START RECORD EXCERPTS

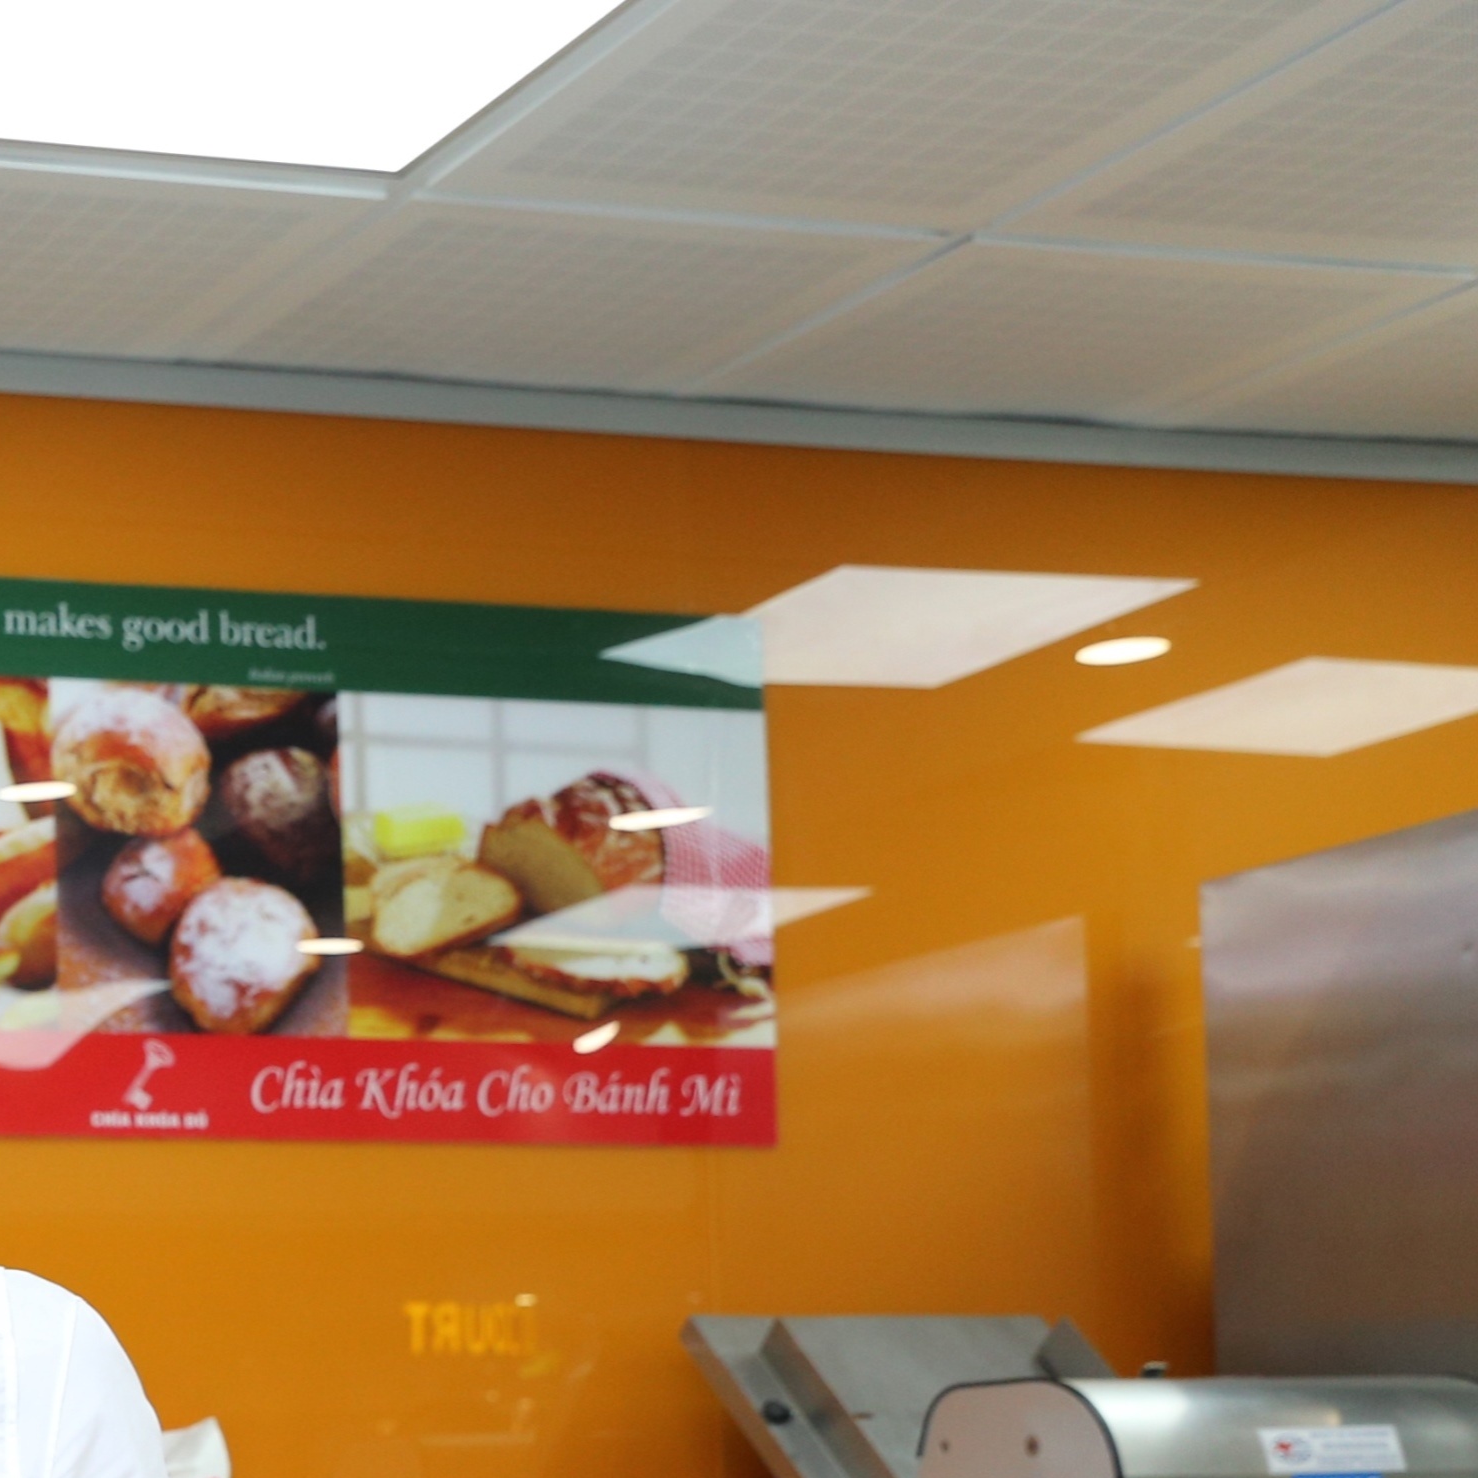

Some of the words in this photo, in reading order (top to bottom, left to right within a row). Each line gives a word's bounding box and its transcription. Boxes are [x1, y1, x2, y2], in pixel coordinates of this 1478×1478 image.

[3, 601, 113, 640] makes
[121, 609, 210, 652] good
[219, 609, 328, 650] bread.
[249, 1059, 345, 1114] Chìa
[354, 1062, 467, 1120] Khóa
[476, 1064, 556, 1118] Cho
[562, 1066, 672, 1115] Bánh
[679, 1072, 742, 1117] Mì

END RECORD EXCERPTS

→ PROBLEM TO WORK ON
Write out each entry exactly as given, omitting any picture.

→ ANSWER TO THE PROBLEM
Some of the words in this photo, in reading order (top to bottom, left to right within a row). Each line gives a word's bounding box and its transcription. Boxes are [x1, y1, x2, y2], in pixel coordinates of this 1478×1478 image.

[3, 601, 113, 640] makes
[121, 609, 210, 652] good
[219, 609, 328, 650] bread.
[249, 1059, 345, 1114] Chìa
[354, 1062, 467, 1120] Khóa
[476, 1064, 556, 1118] Cho
[562, 1066, 672, 1115] Bánh
[679, 1072, 742, 1117] Mì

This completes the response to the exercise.